Approaches to What?
Reading Bodies Reading Archives
A group intervention into the Broken Dimanche Press self-publishing archive featuring responses by Ally Bisshop, Maria Cerón, Maira Dietrich, Sophie Kitson, Marié Nobematsu-Le Gassic and Paula Querido van Erven
Büro BDP
Mareschstrasse 1, 12055, Berlin
19:00 - 21:00
Tuesday 19th of July 2016
What is the life of a book after it’s been read?
What is the temporality of an archive? How can archives speculate on the future?
What are the minor expressions of the archive?
How do you play/perform an archive?
What gestures of care does the archive produce?
What are the spaces of creative rupture in an archive?
How does the ‘stickiness’ of archive objects operate as a navigational tool?
What are the points of linkage between objects in an uncurated archive?
How do you read a book without reading?
What are the more-than-human modes of expression and language given in the materiality of books, of objects?
How does the archive reify / challenge the idea of how a book functions?
How does one create accessibility, availability?
How can the archive offer us advice on how to relate to the world and one another?
How many dimensions has a word, a poem, a text?

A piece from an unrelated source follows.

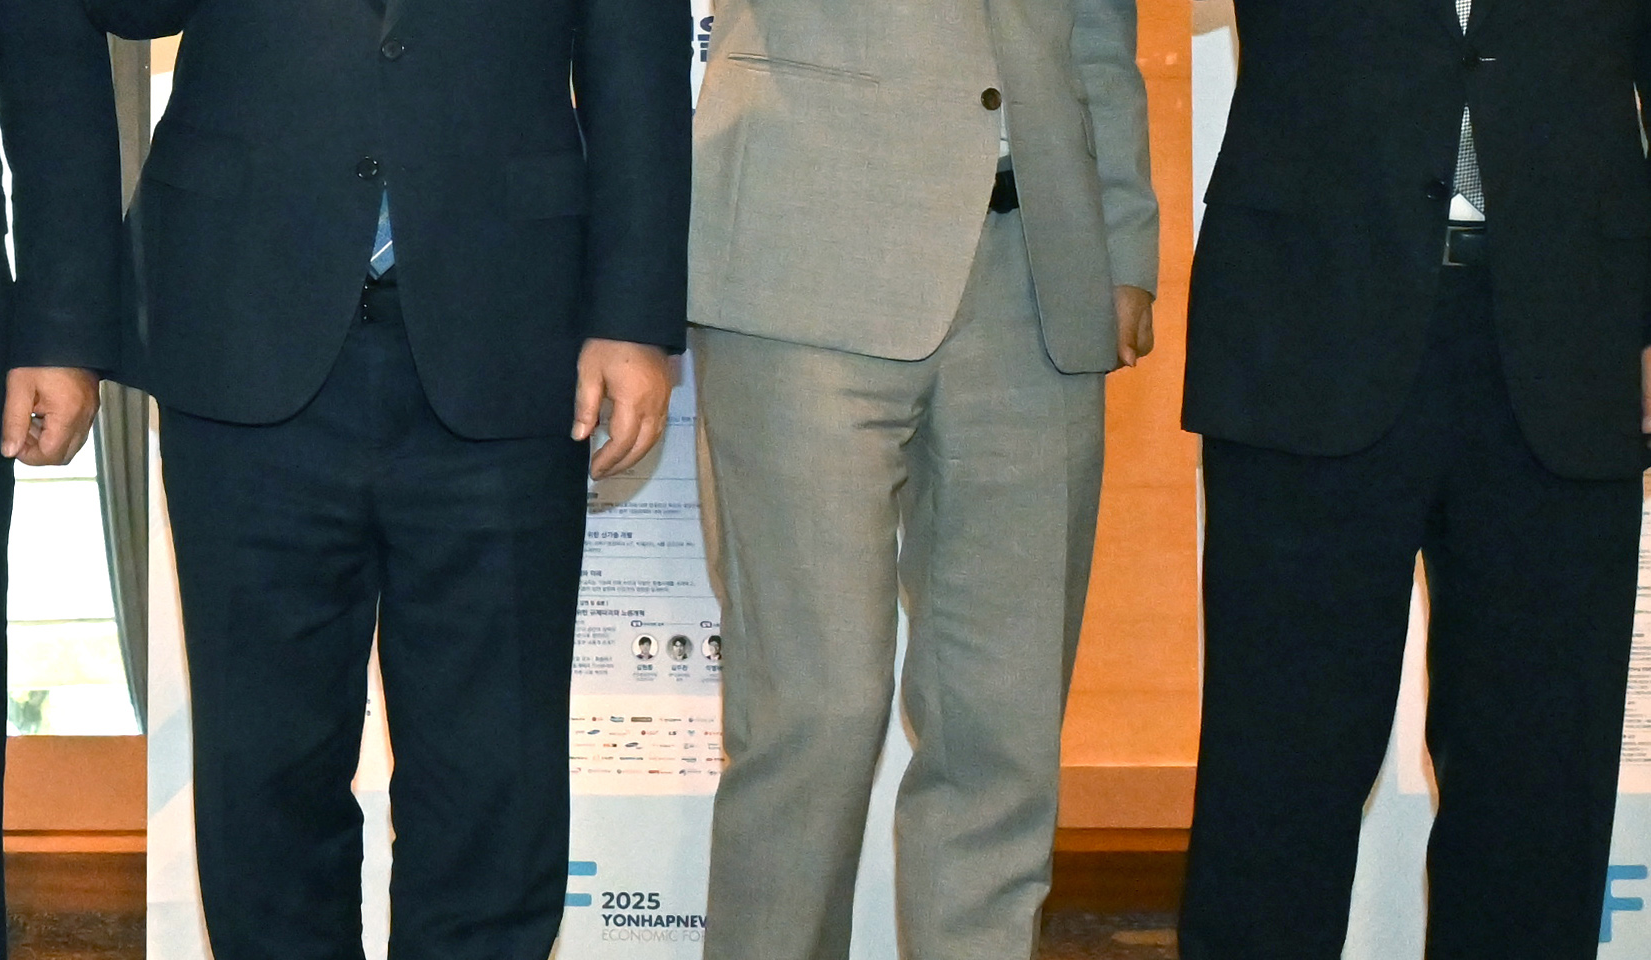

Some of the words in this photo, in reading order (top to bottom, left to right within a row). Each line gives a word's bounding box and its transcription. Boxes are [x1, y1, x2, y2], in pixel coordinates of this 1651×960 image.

[601, 891, 661, 910] 2025
[602, 930, 678, 941] ECONOMIC
[683, 930, 706, 941] FO

Is possible to approach it through the interaction/activation of an archive?
How many times can you fold a page onto itself?

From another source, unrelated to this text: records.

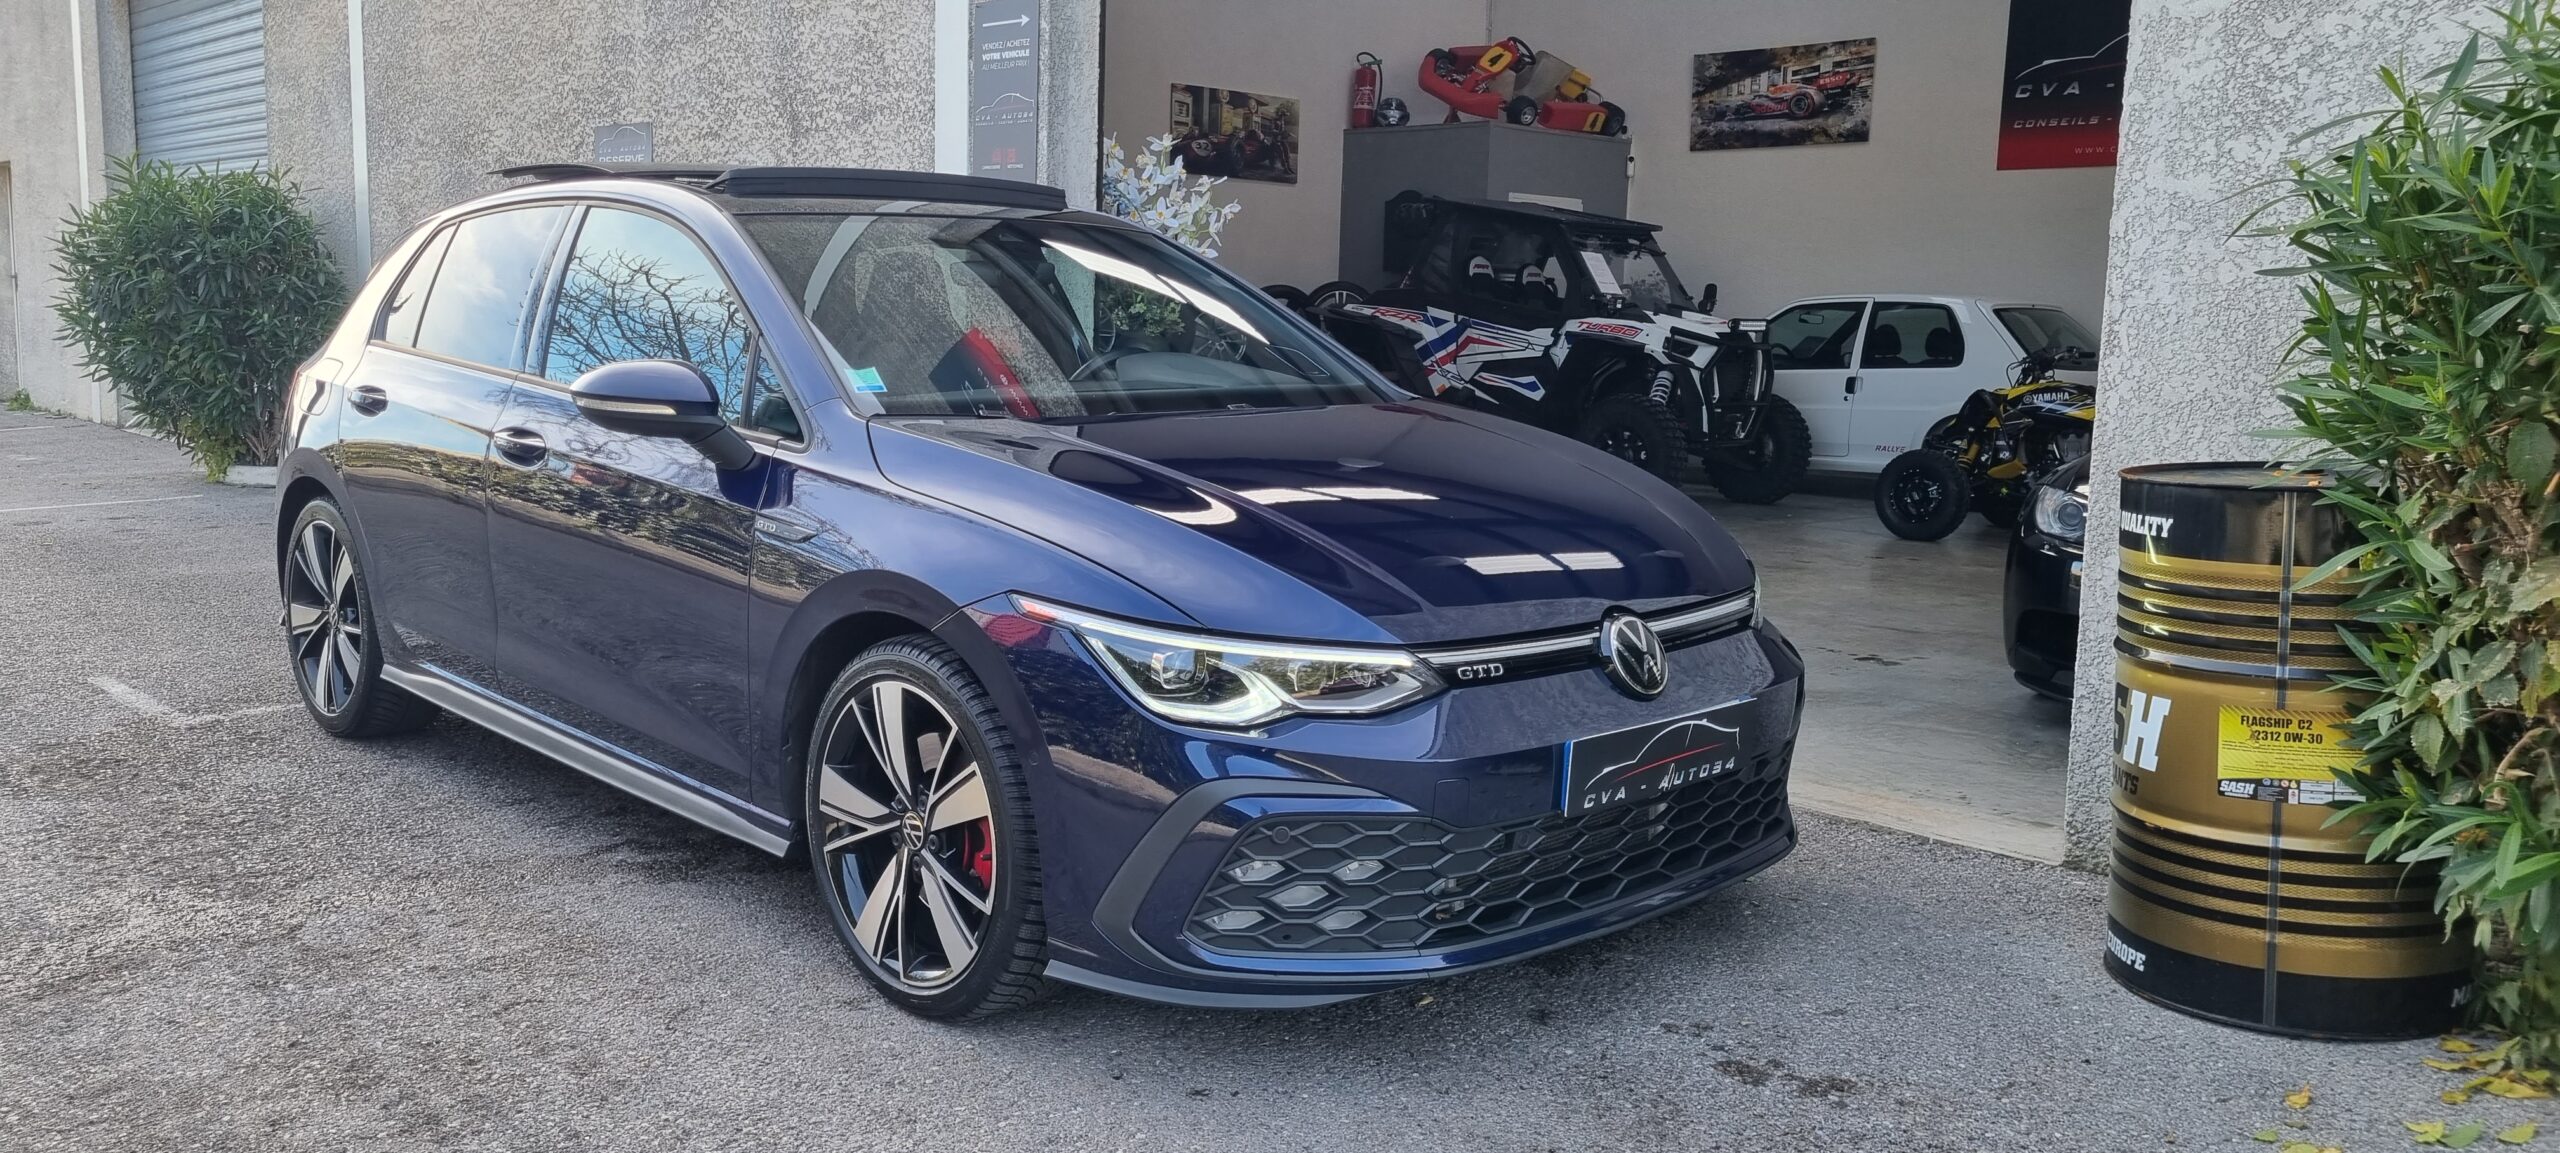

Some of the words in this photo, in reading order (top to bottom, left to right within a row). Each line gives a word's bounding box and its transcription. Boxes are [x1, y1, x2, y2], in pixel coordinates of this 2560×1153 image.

[2014, 81, 2080, 98] CVA
[2013, 116, 2100, 128] CONSEILS
[1577, 321, 1640, 337] TURBO
[2032, 391, 2070, 403] YAMAHA
[1875, 444, 1907, 453] RALLYE
[757, 520, 776, 532] GTD
[1457, 662, 1504, 680] GTD
[2240, 715, 2293, 729] FLAGSHIP
[2297, 719, 2313, 731] C2
[2284, 732, 2323, 745] 0W-30
[2219, 780, 2256, 795] SASH
[1583, 786, 1626, 809] CVA

Can you make paper works and save your life?
How can we catalogue this archive in a way that it involves a more physical interaction?
What does it mean to ‘save’ a book?
How can the archive be activated with the abstraction of the objects they contain?

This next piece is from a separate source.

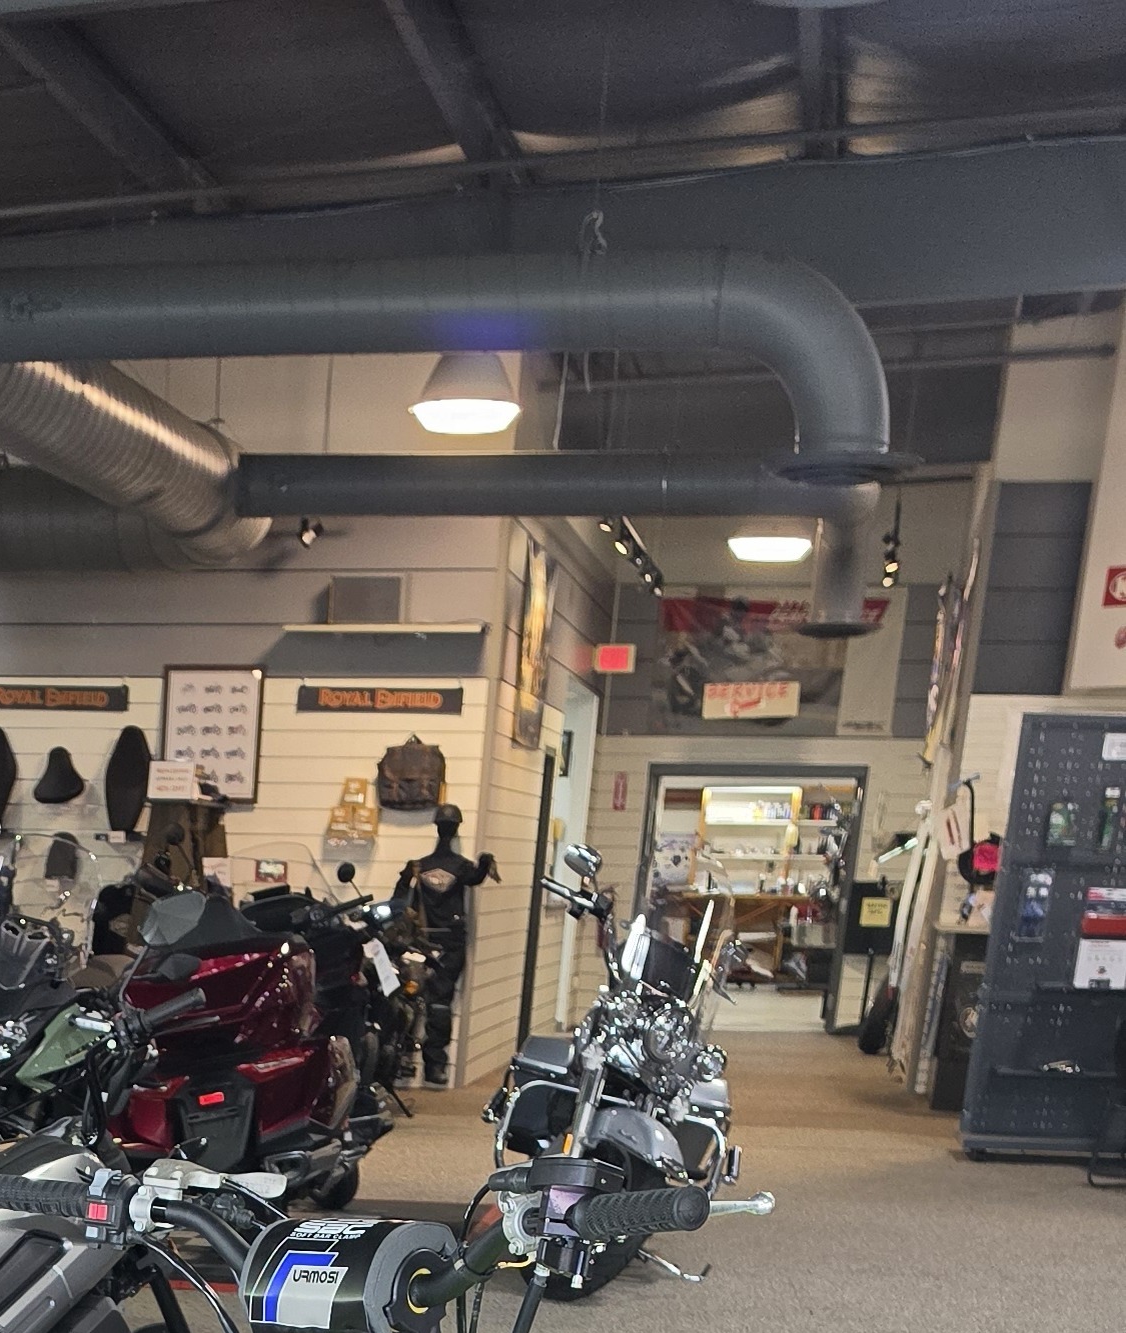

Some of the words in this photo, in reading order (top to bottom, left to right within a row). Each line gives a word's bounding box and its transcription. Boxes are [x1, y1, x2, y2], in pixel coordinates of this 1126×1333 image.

What is the space between YES and NO?
What gives the archive authority?
What gets left out of the archive?
What can the archive not capture?
The group investigated the contents of the Broken Dimanche Press self-publishing archive (http://bdparchive.tumblr.com) as a place to encounter new possibilities, new reading materials, and new ways of content display. The spatial design of the site and the archive (comprised of various texts, the majority bound as A5 books) was transformed to incorporate the ‘reading body’ in various ways (through sculptural reinterpretation, performance, installation, sound, and publishing methods). The group responded to different texts and publications in different ways.
https://soundcloud.com/boxxnostik/ghost-frequencies-a-radio-play
I personally responded to a text in the archive called Young, Fresh, and Relevant, edited by Chloe Stead. The publication was a compilation of written contributions by various artists. Inside I found a transcript of a radio play, ‘Ghost Frequencies.’ Playing with ideas around accessibility, the reading body, and activation; I utilised the text to speech program on my computer to read to me without reading, selecting male and female voices as characters to bring to life the text. I tweaked the accents, pacing, timing and intention of the text to make it as performative and discombobulated as possible. The work became a strange autonomous reading body, an audible presence able to fill the archival space with nuance, inflection, and personality without ever having to engage with the original form again.
I included the transcript during the exhibition so visitors could read lines with the characters as they performed the radio play over and over in an infinite and relentless enactment and bastardisation of Andra Quitzimouche’s original text.
A year after the intervention I discovered the original file (or primary source) of Andra’s Ghost Frequencies; an actual radio play that was presented as an interactive sound installation in 2012 (https://soundcloud.com/discombobulatrix/ghost-frequencies). I’d inadvertently responded to the archive the way the original source had been presented, suggesting the life cycle of an archive is never complete even if the interaction is with primary, secondary, or esoteric sources.